═════ RECORDS FOR THE EXERCISE ═════

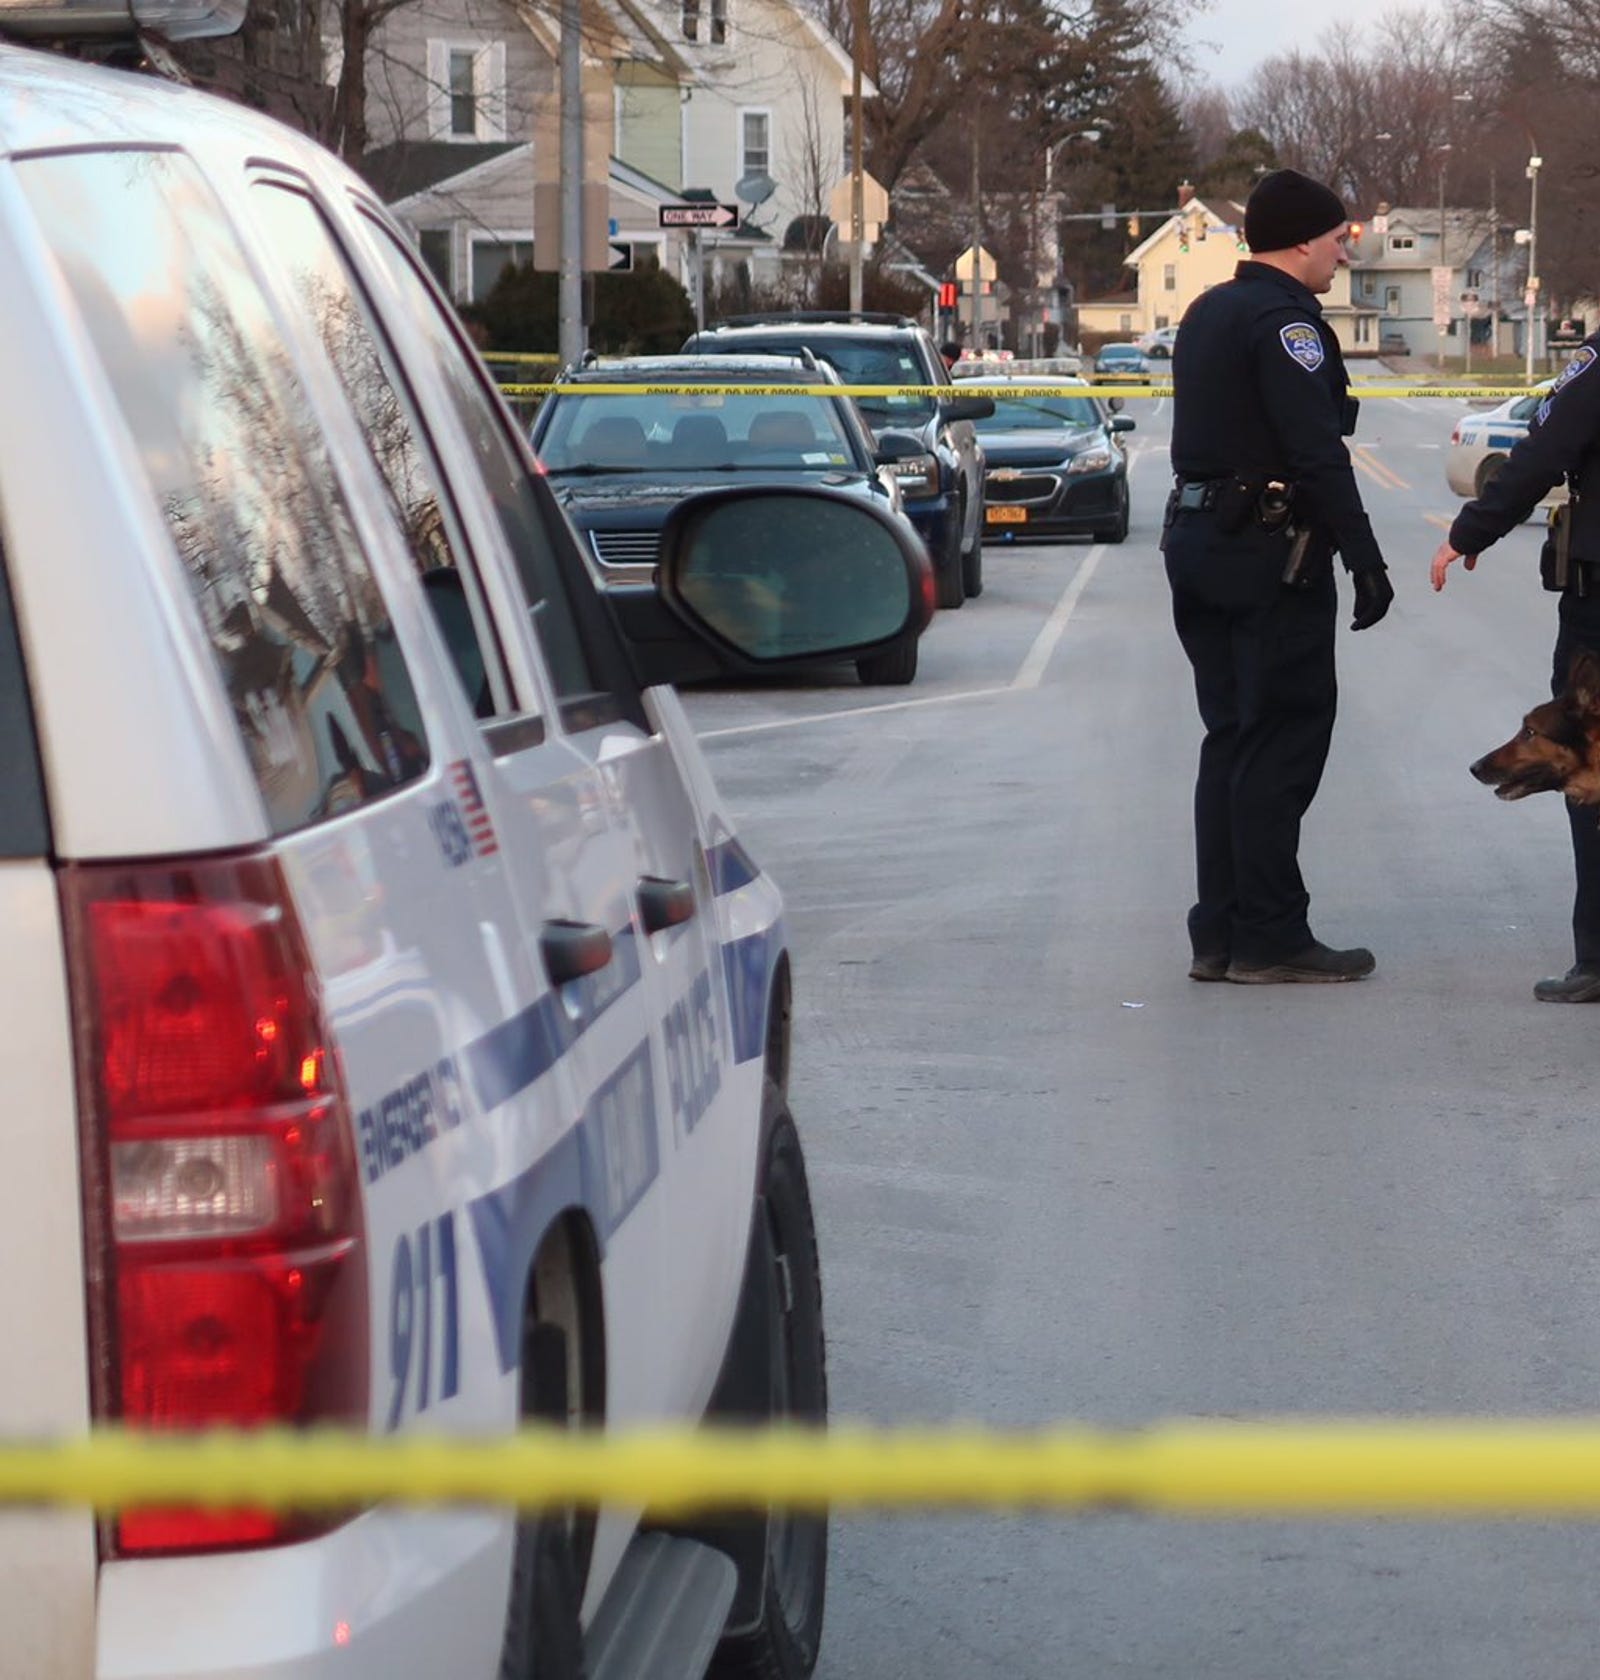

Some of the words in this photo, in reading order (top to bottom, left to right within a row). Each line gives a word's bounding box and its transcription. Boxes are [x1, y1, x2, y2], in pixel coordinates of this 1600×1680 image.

[665, 211, 685, 221] ONE
[691, 211, 713, 221] WAY
[1461, 432, 1477, 447] 911
[427, 800, 473, 868] USA
[386, 1209, 461, 1434] 911
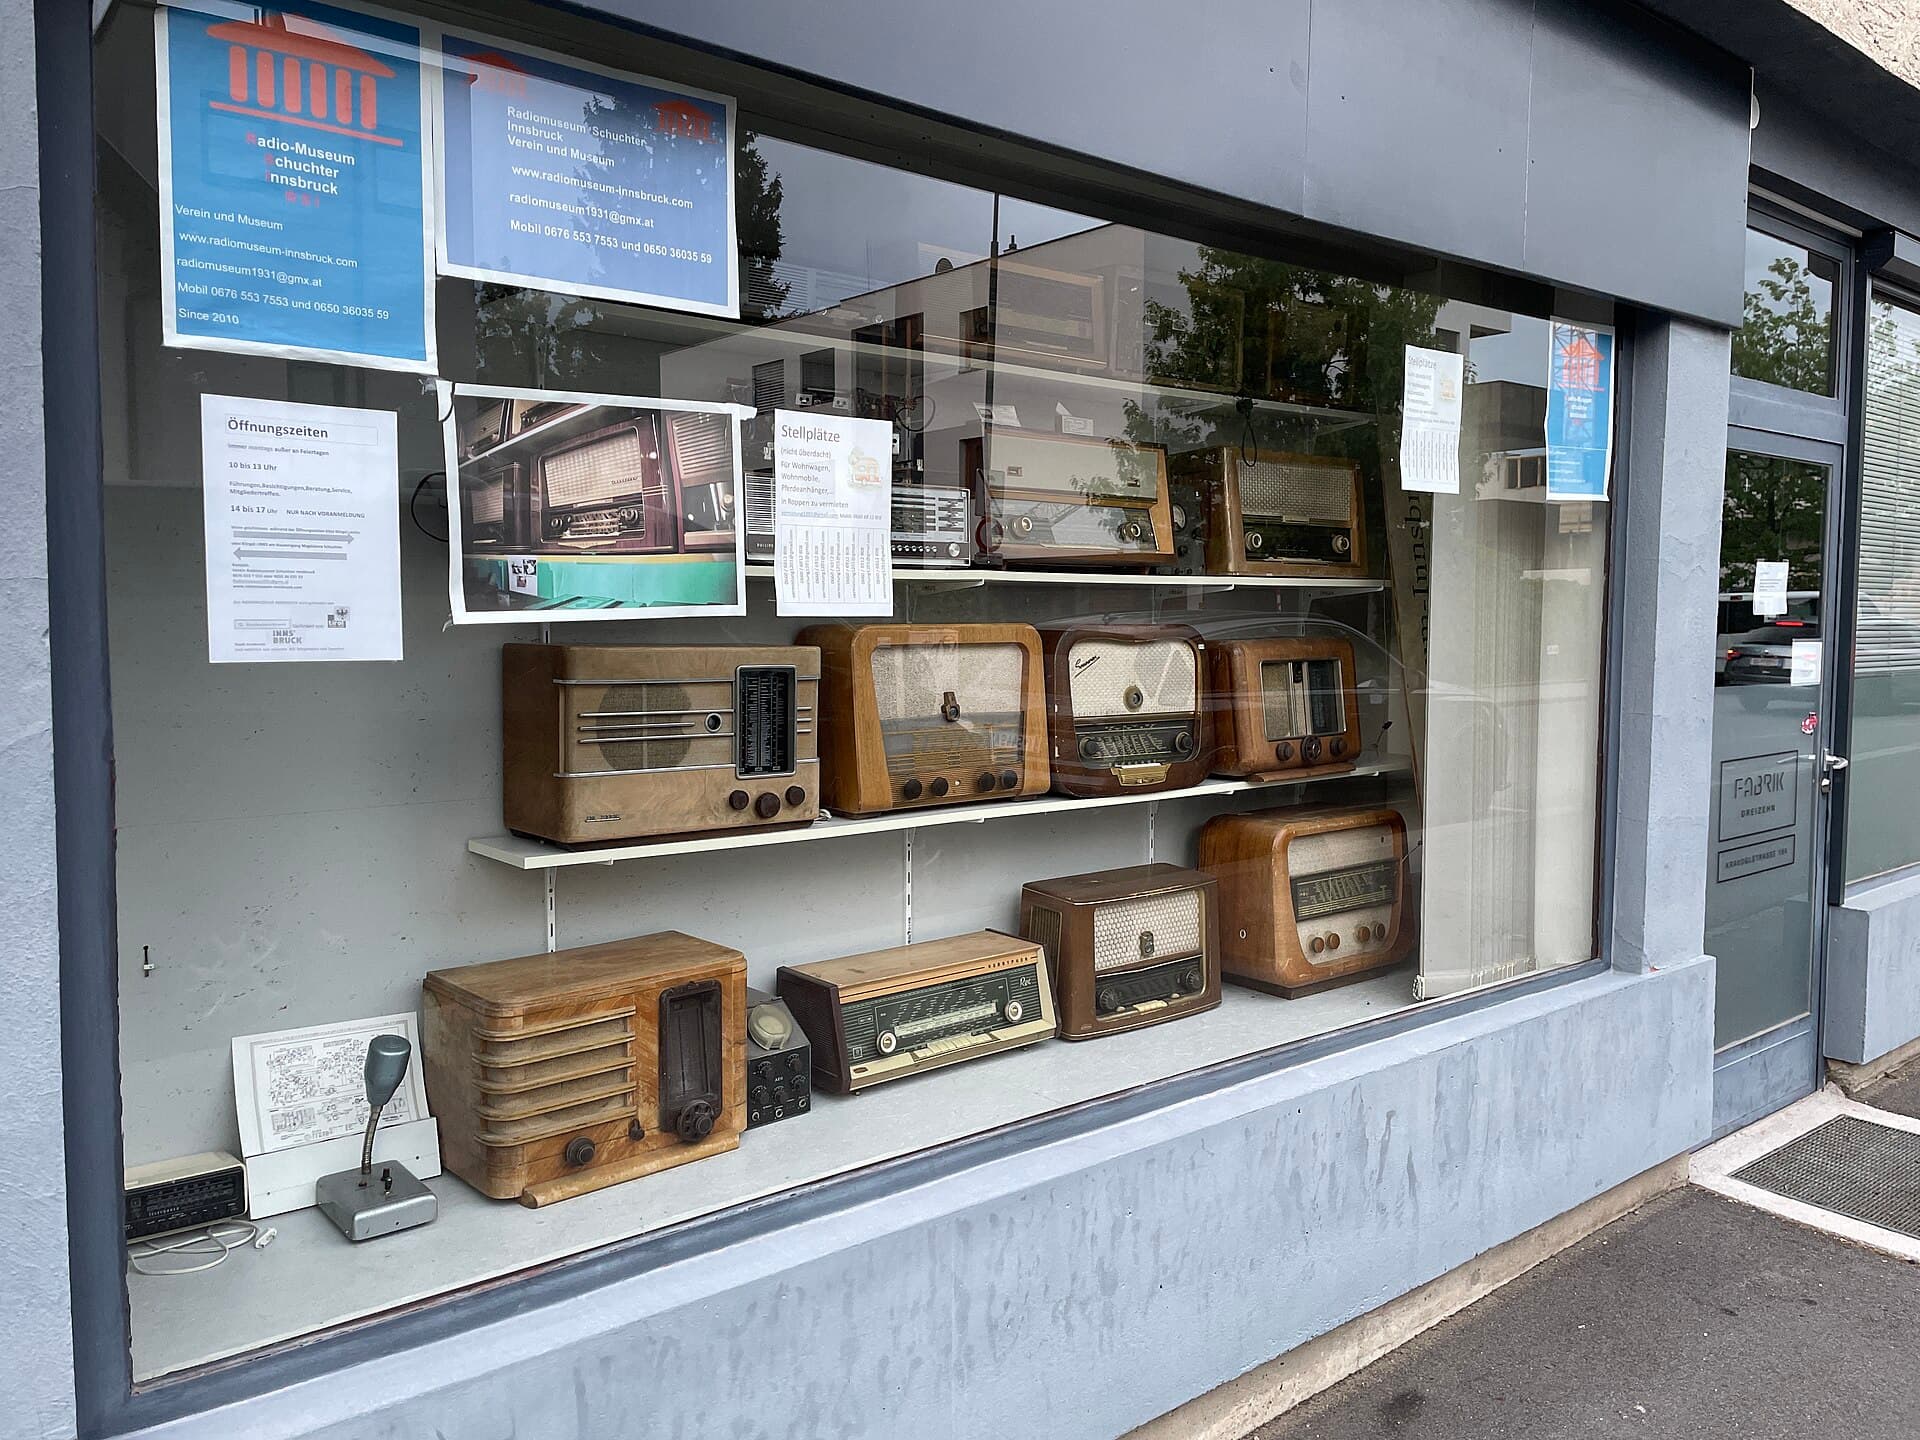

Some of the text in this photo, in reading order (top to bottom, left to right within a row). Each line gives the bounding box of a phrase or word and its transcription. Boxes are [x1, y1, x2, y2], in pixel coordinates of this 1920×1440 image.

[507, 106, 647, 147] Radiomuseum Schuchter
[507, 121, 564, 142] Innsbruck
[507, 135, 615, 168] Verein und Museum
[265, 169, 339, 196] Innsbruck
[512, 165, 693, 209] www.radiomuseum-innsbruck.com
[175, 203, 284, 231] Verein und Museum
[509, 193, 655, 228] radiomuseum1931@gmx.at
[179, 231, 358, 268] www.radiomuseum-innsbruck.com
[510, 219, 713, 264] Mobil 0676 553 7553 und 0650 36035 59
[176, 257, 323, 288] radiomuseum1931@gmx.at
[177, 281, 390, 320] Mobil 0676 553 7553 und 0650 36035 59
[178, 308, 240, 325] Since 2010
[228, 416, 329, 439] Öffnungszeiten
[781, 424, 841, 443] Stellplätze
[300, 448, 329, 457] Feiertagen
[781, 447, 832, 459] (nicht überdacht)
[229, 461, 278, 472] 10 bis 13 Uhr
[781, 460, 831, 473] Für Wohnwagen,
[231, 504, 241, 512] 14
[242, 505, 254, 513] bis
[256, 506, 266, 514] 17
[300, 509, 317, 517] NACH
[819, 501, 849, 509] vermieten
[1734, 771, 1785, 799] FABRIK
[1741, 804, 1776, 818] DREIZEHN
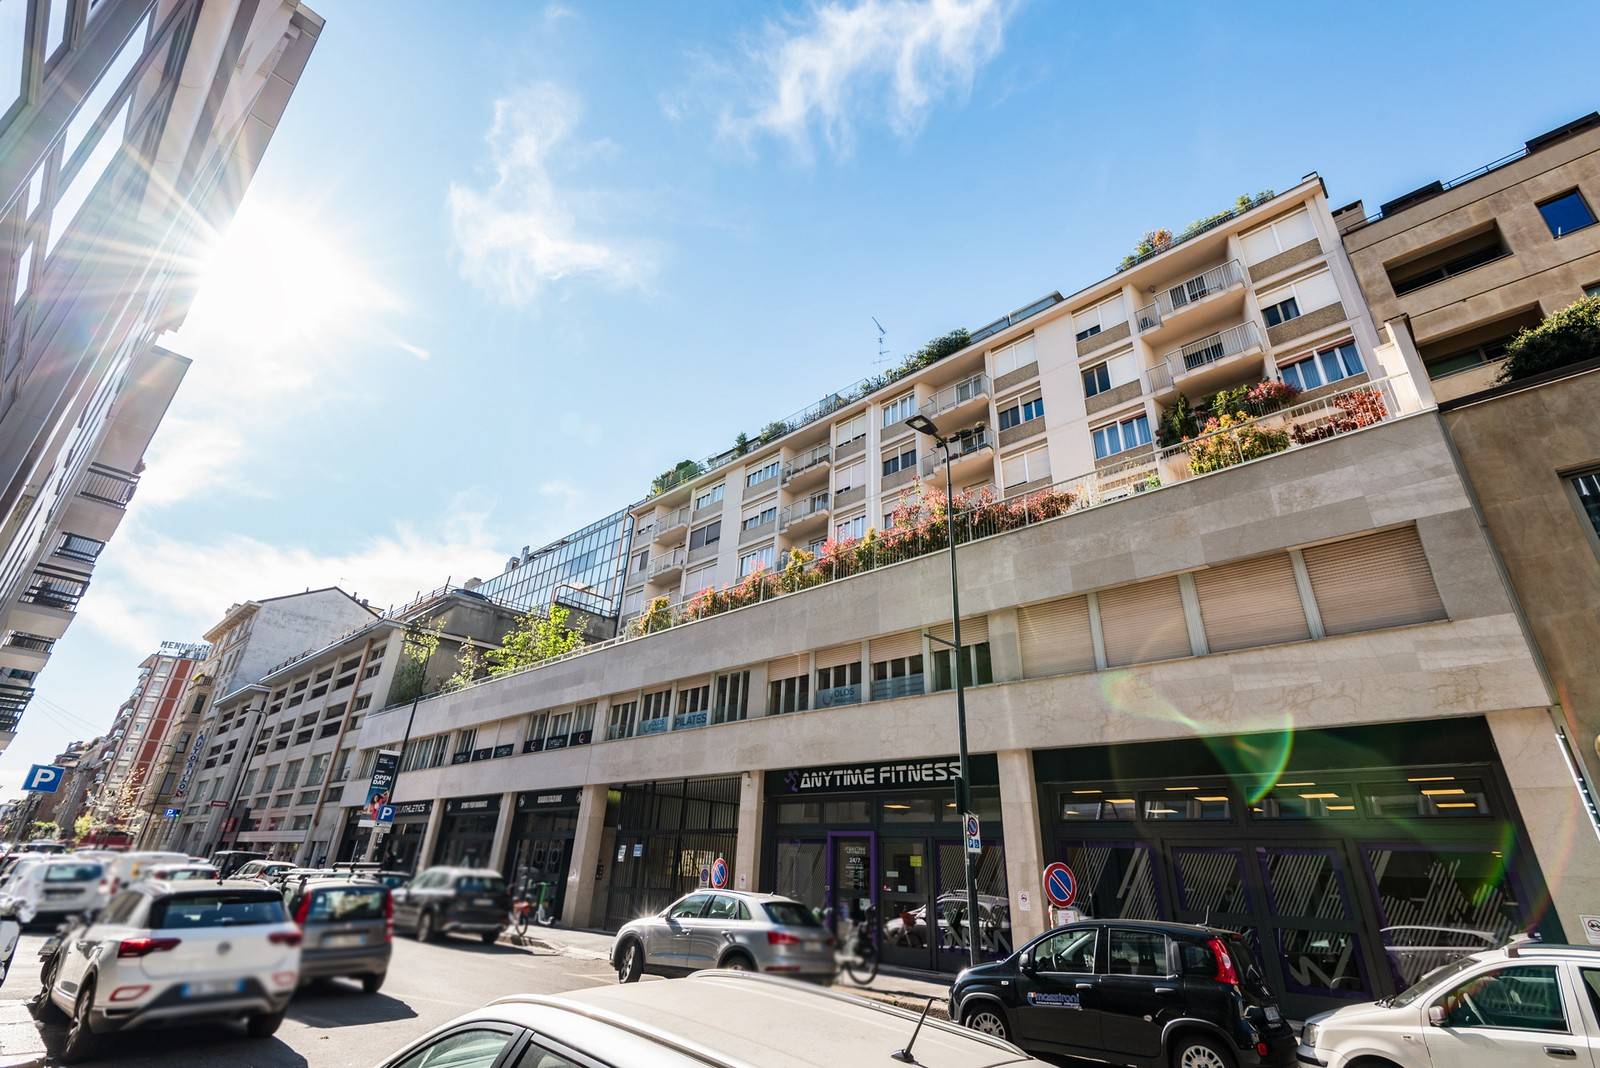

═════

*PROMPT:*
Leaving out the pictures, output each line above exactly as it is.

*WRITTEN REPLY:*
Some of the words in this photo, in reading order (top to bottom, left to right within a row). Each line gives a word's bounding box and its transcription. Boxes are [x1, y1, x2, y2], in pixel coordinates of this 1600×1680 image.

[665, 211, 685, 221] ONE
[691, 211, 713, 221] WAY
[1461, 432, 1477, 447] 911
[427, 800, 473, 868] USA
[386, 1209, 461, 1434] 911

Some of the text in this photo, in reading order (top to bottom, left to right within a row). Each line gives the bounding box of a phrase or word and its transcription. Boxes are [x1, y1, x2, y2], in pixel coordinates of this 1920×1440 image.

[507, 106, 647, 147] Radiomuseum Schuchter
[507, 121, 564, 142] Innsbruck
[507, 135, 615, 168] Verein und Museum
[265, 169, 339, 196] Innsbruck
[512, 165, 693, 209] www.radiomuseum-innsbruck.com
[175, 203, 284, 231] Verein und Museum
[509, 193, 655, 228] radiomuseum1931@gmx.at
[179, 231, 358, 268] www.radiomuseum-innsbruck.com
[510, 219, 713, 264] Mobil 0676 553 7553 und 0650 36035 59
[176, 257, 323, 288] radiomuseum1931@gmx.at
[177, 281, 390, 320] Mobil 0676 553 7553 und 0650 36035 59
[178, 308, 240, 325] Since 2010
[228, 416, 329, 439] Öffnungszeiten
[781, 424, 841, 443] Stellplätze
[300, 448, 329, 457] Feiertagen
[781, 447, 832, 459] (nicht überdacht)
[229, 461, 278, 472] 10 bis 13 Uhr
[781, 460, 831, 473] Für Wohnwagen,
[231, 504, 241, 512] 14
[242, 505, 254, 513] bis
[256, 506, 266, 514] 17
[300, 509, 317, 517] NACH
[819, 501, 849, 509] vermieten
[1734, 771, 1785, 799] FABRIK
[1741, 804, 1776, 818] DREIZEHN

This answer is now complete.